Italo-Mexican footballer (born 1993)

Enrico Fabrizio Vincenzo Tavano Alonso (born 16 August 1993) is an Italo-Mexican professional footballer who plays as a forward. He also holds New Zealand citizenship.

==Career==
===Youth===
In his teenage years while attending Macleans College in Auckland, New Zealand, Tavano played for the under-15 team of amateur side Central United. In 2008, he participated with Central in the Manchester United Premier Cup, competing against the likes of Juventus and Middlesbrough, and finishing 17th out of a total of 20 teams. Following his performances, Tavano was invited to trial with prestigious European clubs Barcelona and Roma, among others. However, in 2009, Tavano opted to move to Italy with his family, competing at various stages for the Primavera sides of Serie B clubs Vicenza, Pisa and Carpi.

In June 2012, Tavano was signed by Mexican club Santos Laguna and assigned to play with their under-20 side. In February 2013 he participated in the Torneo di Viareggio, a prestigious annual youth tournament held in Italy. Tavano scored the lone goal in Los Guerreros' 2–1 defeat to Parma in their opening match, and featured in the following two games against Rijeka and Genoa as the club were knocked out in the group stage. Before being released by the club in 2014, Tavano won the under-20 2013 Torneo Apertura with Santos, coming on as a substitute in their 1–0 victory in the final against Club León.

===Auckland City===
After an unsuccessful trial with Mexican club Atlético San Luis, Tavano returned to New Zealand and signed for reigning New Zealand Football Championship holders Auckland City on a free transfer. He made his debut on 19 October 2014 in the Charity Cup against Team Wellington; a match Auckland lost on penalties after a 2–2 draw. Tavano was included in Auckland's final 25-man squad for the 2014 FIFA Club World Cup, and appeared in all four of his club's games as Auckland City earned a surprise third-place finish at the expense of CONCACAF Champions League winners, Mexican side Cruz Azul. This victory gave Tavano widespread media attention in his homeland.

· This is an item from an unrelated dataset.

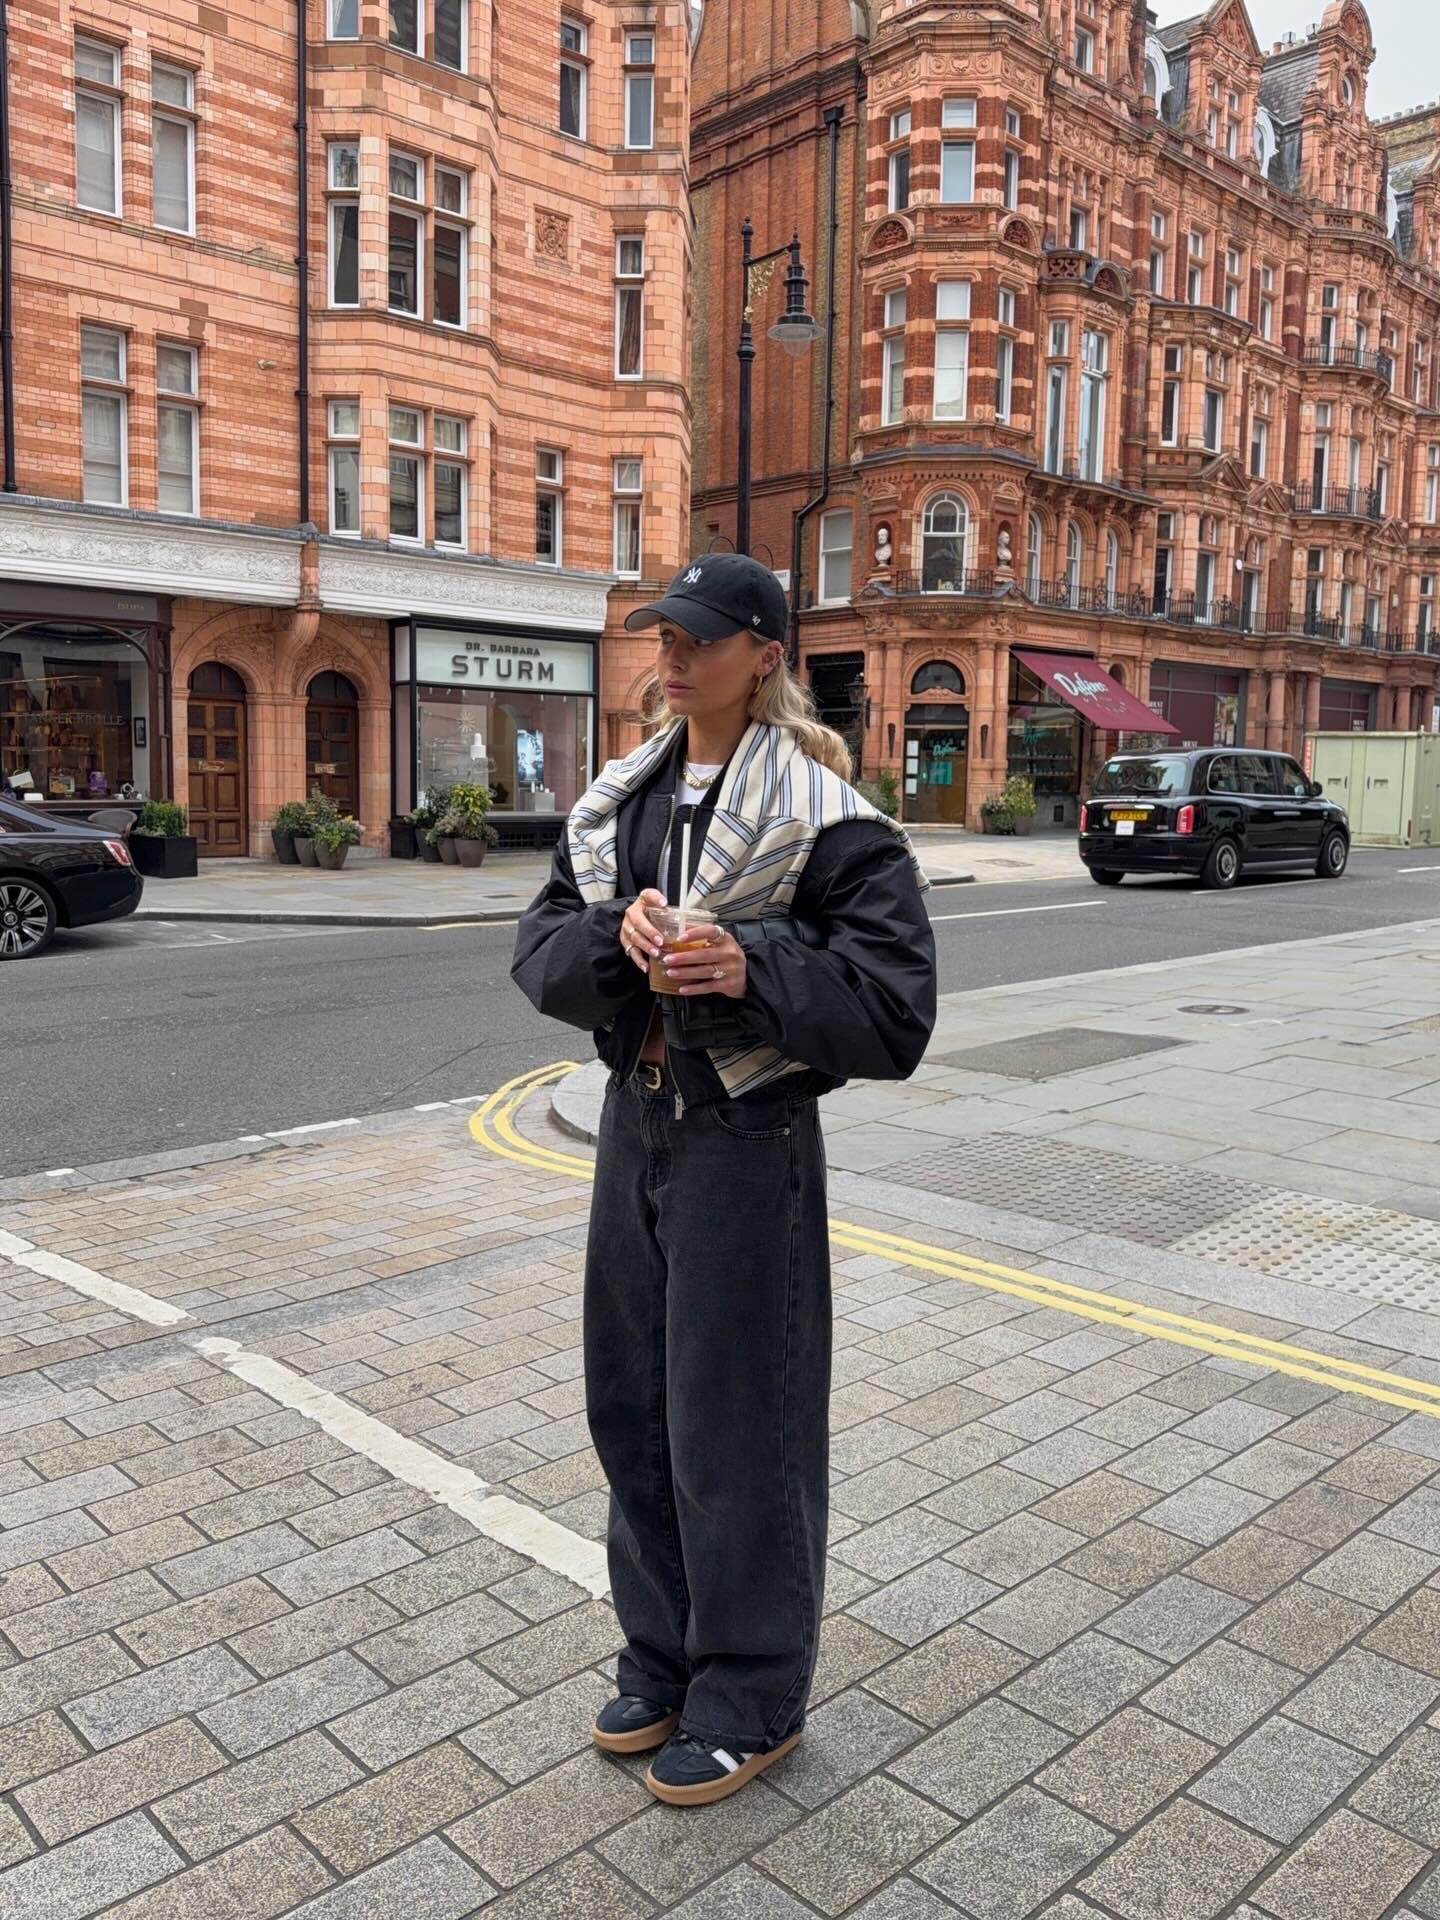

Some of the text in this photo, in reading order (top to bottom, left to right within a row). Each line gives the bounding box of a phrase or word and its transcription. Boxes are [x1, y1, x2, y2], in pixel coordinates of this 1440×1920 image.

Tavano's performances during this tournament earned the attention of Mexican powerhouses Tigres UANL, and in February 2015 he eventually signed for their reserve team on loan. However, after limited appearances, Tavano was released at the end of the season, after which he promptly returned to Auckland City. With the Navy Blues, Tavano won the New Zealand Football Championship four times and the OFC Champions League three times. As a result of these Champions League wins, Tavano featured in three subsequent FIFA Club World Cup campaigns.

===Akron Tolyatti===
On 25 February 2022, Tavano signed with Russian second-tier FNL club FC Akron Tolyatti, reuniting with his former Auckland City manager Ramon Tribulietx. 5 days later, before he could play in any competitive games for the club, he left Russia, as did Tribulietx, following the Russian invasion of Ukraine.

==Personal life==

Tavano is the son of Mexican journalist Oreste Tavano, and has Italian heritage through his grandparents. Tavano moved to New Zealand with his family at a young age to follow his father's career.